EXERCISE DESCRIPTION –
Repeat the data below in full. Pictures must not be part of the copy.

ENTRIES PROVIDED –
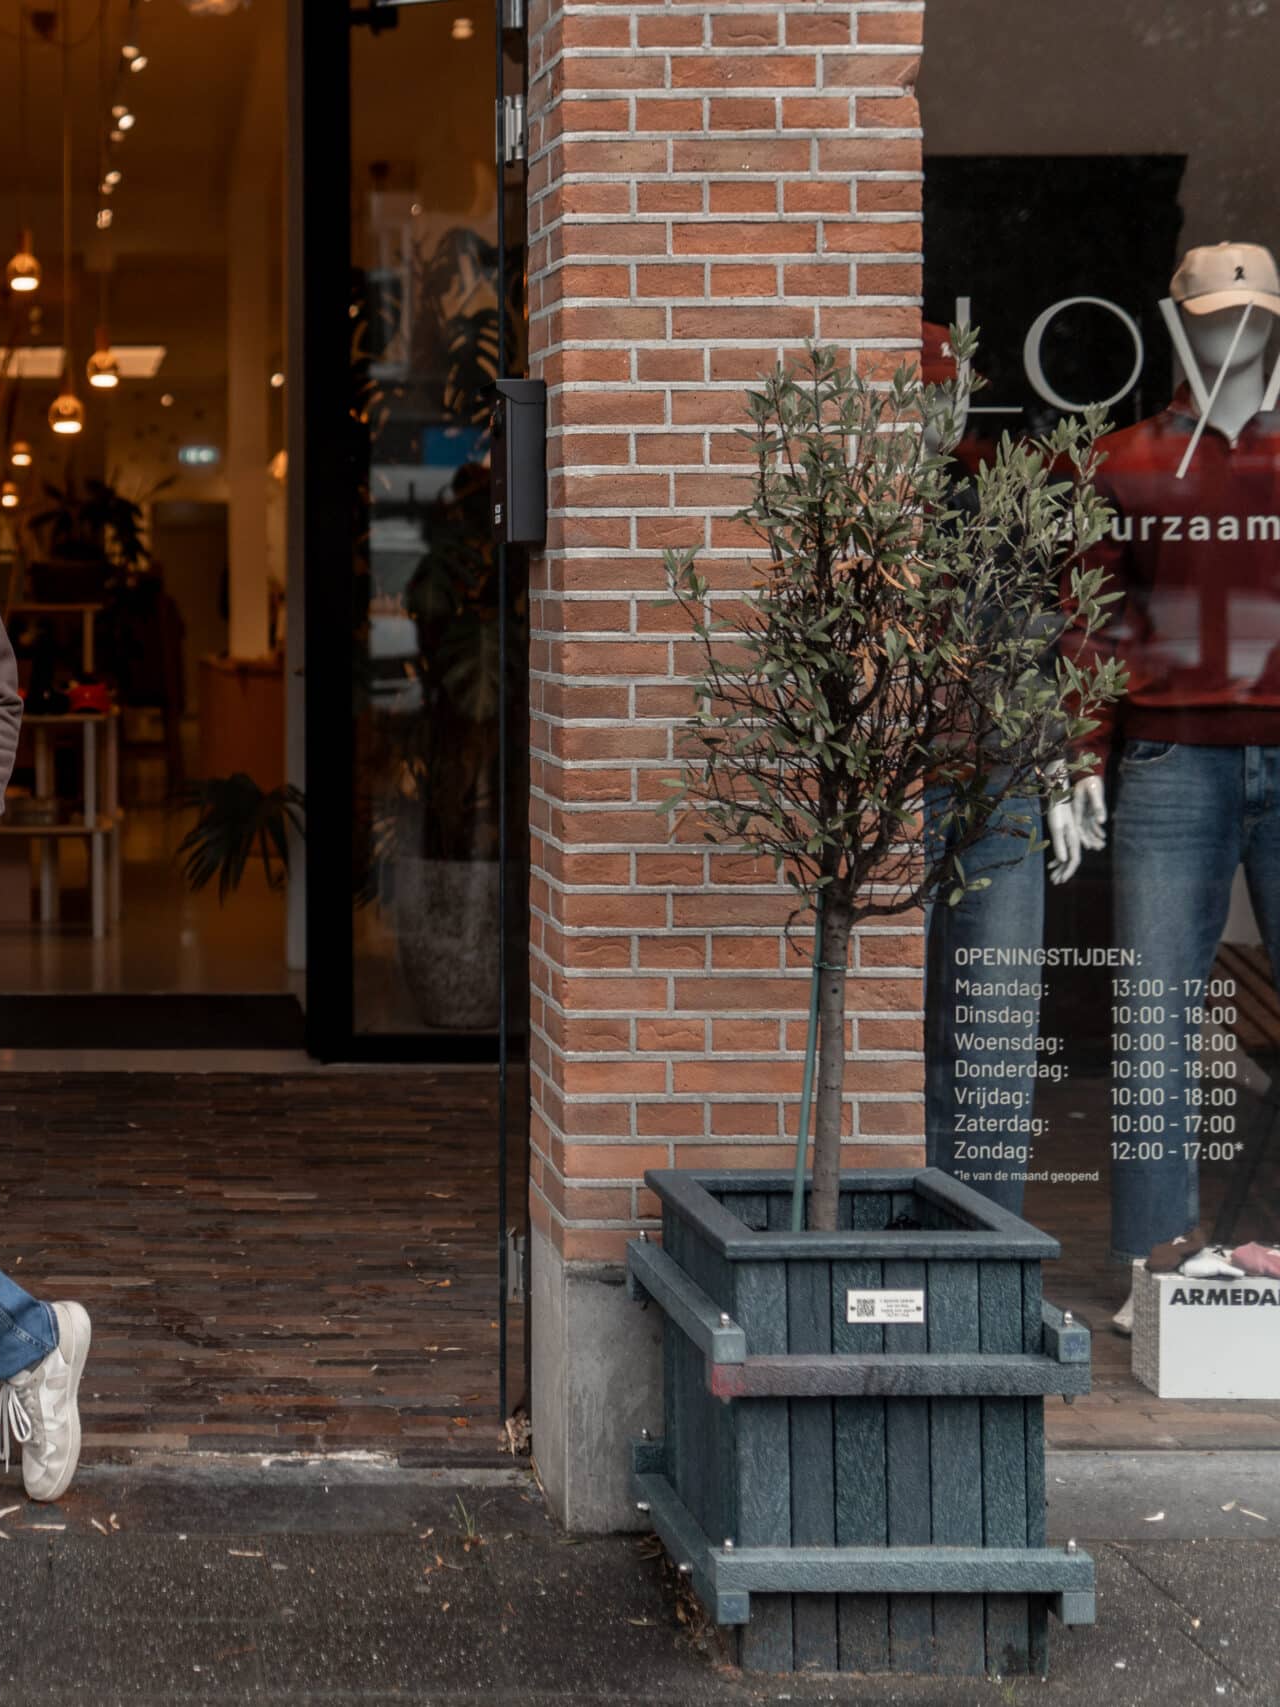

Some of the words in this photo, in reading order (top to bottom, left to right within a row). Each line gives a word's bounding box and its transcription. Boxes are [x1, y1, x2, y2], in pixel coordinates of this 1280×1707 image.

[956, 296, 1280, 479] LOY
[1056, 511, 1280, 542] urzaam
[954, 948, 1143, 967] OPENINGSTIJDEN:
[954, 979, 1050, 1000] Maandag:
[1111, 979, 1165, 997] 13:00
[1182, 979, 1236, 997] 17:00
[954, 1006, 1041, 1028] Dinsdag:
[1111, 1006, 1165, 1024] 10:00
[1182, 1006, 1238, 1024] 18:00
[954, 1033, 1064, 1055] Woensdag:
[1111, 1033, 1165, 1051] 10:00
[1182, 1033, 1238, 1051] 18:00
[954, 1060, 1069, 1082] Donderdag:
[1111, 1060, 1165, 1078] 10:00
[1182, 1060, 1238, 1078] 18:00
[954, 1087, 1030, 1109] Vrijdag:
[1111, 1087, 1165, 1106] 10:00
[1182, 1087, 1238, 1106] 18:00
[954, 1114, 1050, 1136] Zaterdag:
[1111, 1115, 1165, 1133] 10:00
[1182, 1115, 1236, 1133] 17:00
[953, 1141, 1035, 1163] Zondag:
[1111, 1141, 1165, 1160] 12:00
[972, 1171, 993, 1181] van
[994, 1170, 1009, 1181] de
[1010, 1170, 1049, 1181] maand
[1050, 1170, 1100, 1183] geopend
[1169, 1287, 1280, 1306] ARMEDA

RESULT –
Some of the words in this photo, in reading order (top to bottom, left to right within a row). Each line gives a word's bounding box and its transcription. Boxes are [x1, y1, x2, y2], in pixel coordinates of this 1280×1707 image.

[956, 296, 1280, 479] LOY
[1056, 511, 1280, 542] urzaam
[954, 948, 1143, 967] OPENINGSTIJDEN:
[954, 979, 1050, 1000] Maandag:
[1111, 979, 1165, 997] 13:00
[1182, 979, 1236, 997] 17:00
[954, 1006, 1041, 1028] Dinsdag:
[1111, 1006, 1165, 1024] 10:00
[1182, 1006, 1238, 1024] 18:00
[954, 1033, 1064, 1055] Woensdag:
[1111, 1033, 1165, 1051] 10:00
[1182, 1033, 1238, 1051] 18:00
[954, 1060, 1069, 1082] Donderdag:
[1111, 1060, 1165, 1078] 10:00
[1182, 1060, 1238, 1078] 18:00
[954, 1087, 1030, 1109] Vrijdag:
[1111, 1087, 1165, 1106] 10:00
[1182, 1087, 1238, 1106] 18:00
[954, 1114, 1050, 1136] Zaterdag:
[1111, 1115, 1165, 1133] 10:00
[1182, 1115, 1236, 1133] 17:00
[953, 1141, 1035, 1163] Zondag:
[1111, 1141, 1165, 1160] 12:00
[972, 1171, 993, 1181] van
[994, 1170, 1009, 1181] de
[1010, 1170, 1049, 1181] maand
[1050, 1170, 1100, 1183] geopend
[1169, 1287, 1280, 1306] ARMEDA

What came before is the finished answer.